[What is required]
Copy all the entries word for word, but omit the pictures.

[Source information]
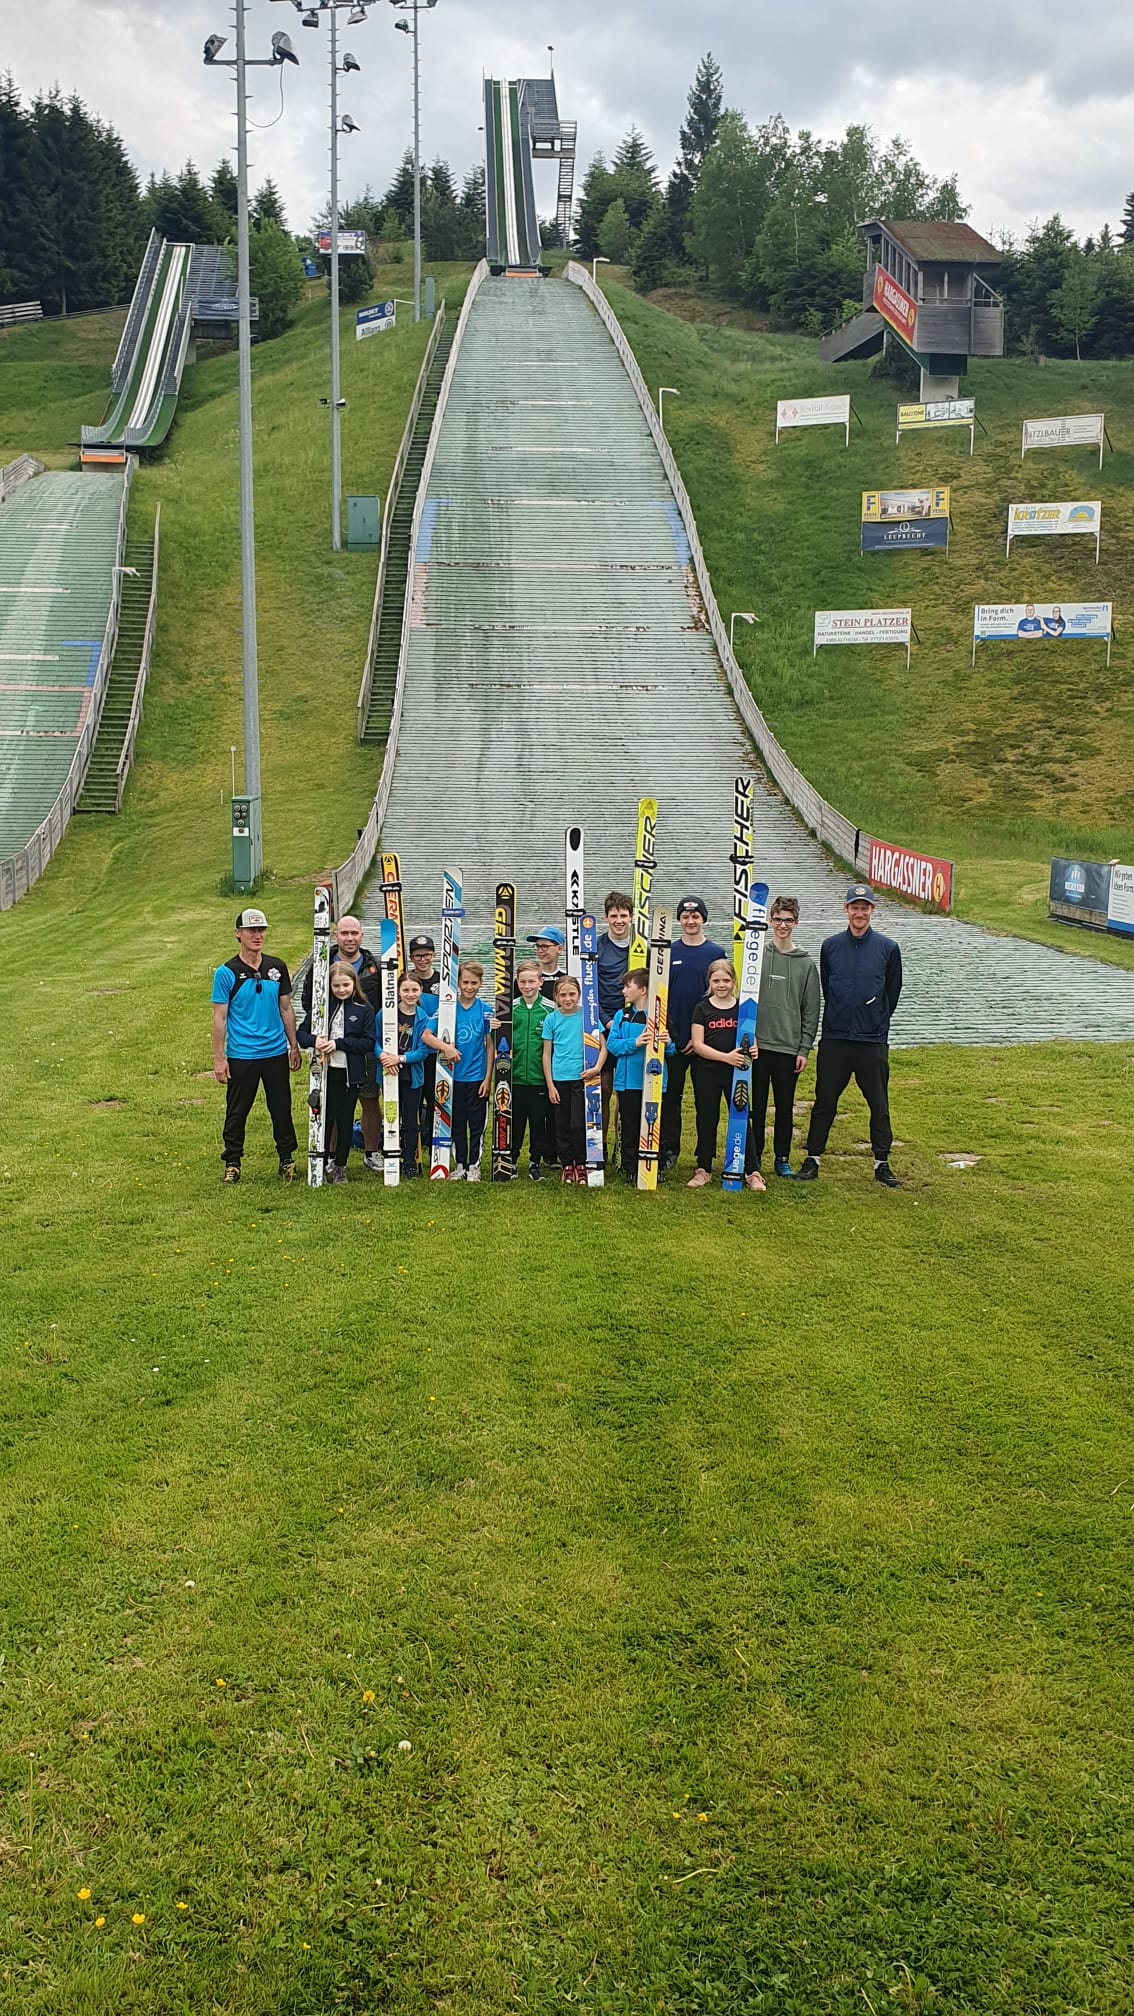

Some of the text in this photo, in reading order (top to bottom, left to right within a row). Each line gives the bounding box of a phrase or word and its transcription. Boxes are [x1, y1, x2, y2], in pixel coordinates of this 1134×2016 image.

[832, 617, 908, 627] STEIN PLATZER
[733, 776, 751, 922] FISCHER
[871, 846, 933, 901] HARGASSNER
[656, 916, 667, 976] GERINA

[Exercise response]
Some of the text in this photo, in reading order (top to bottom, left to right within a row). Each line gives the bounding box of a phrase or word and its transcription. Boxes are [x1, y1, x2, y2], in pixel coordinates of this 1134×2016 image.

[832, 617, 908, 627] STEIN PLATZER
[733, 776, 751, 922] FISCHER
[871, 846, 933, 901] HARGASSNER
[656, 916, 667, 976] GERINA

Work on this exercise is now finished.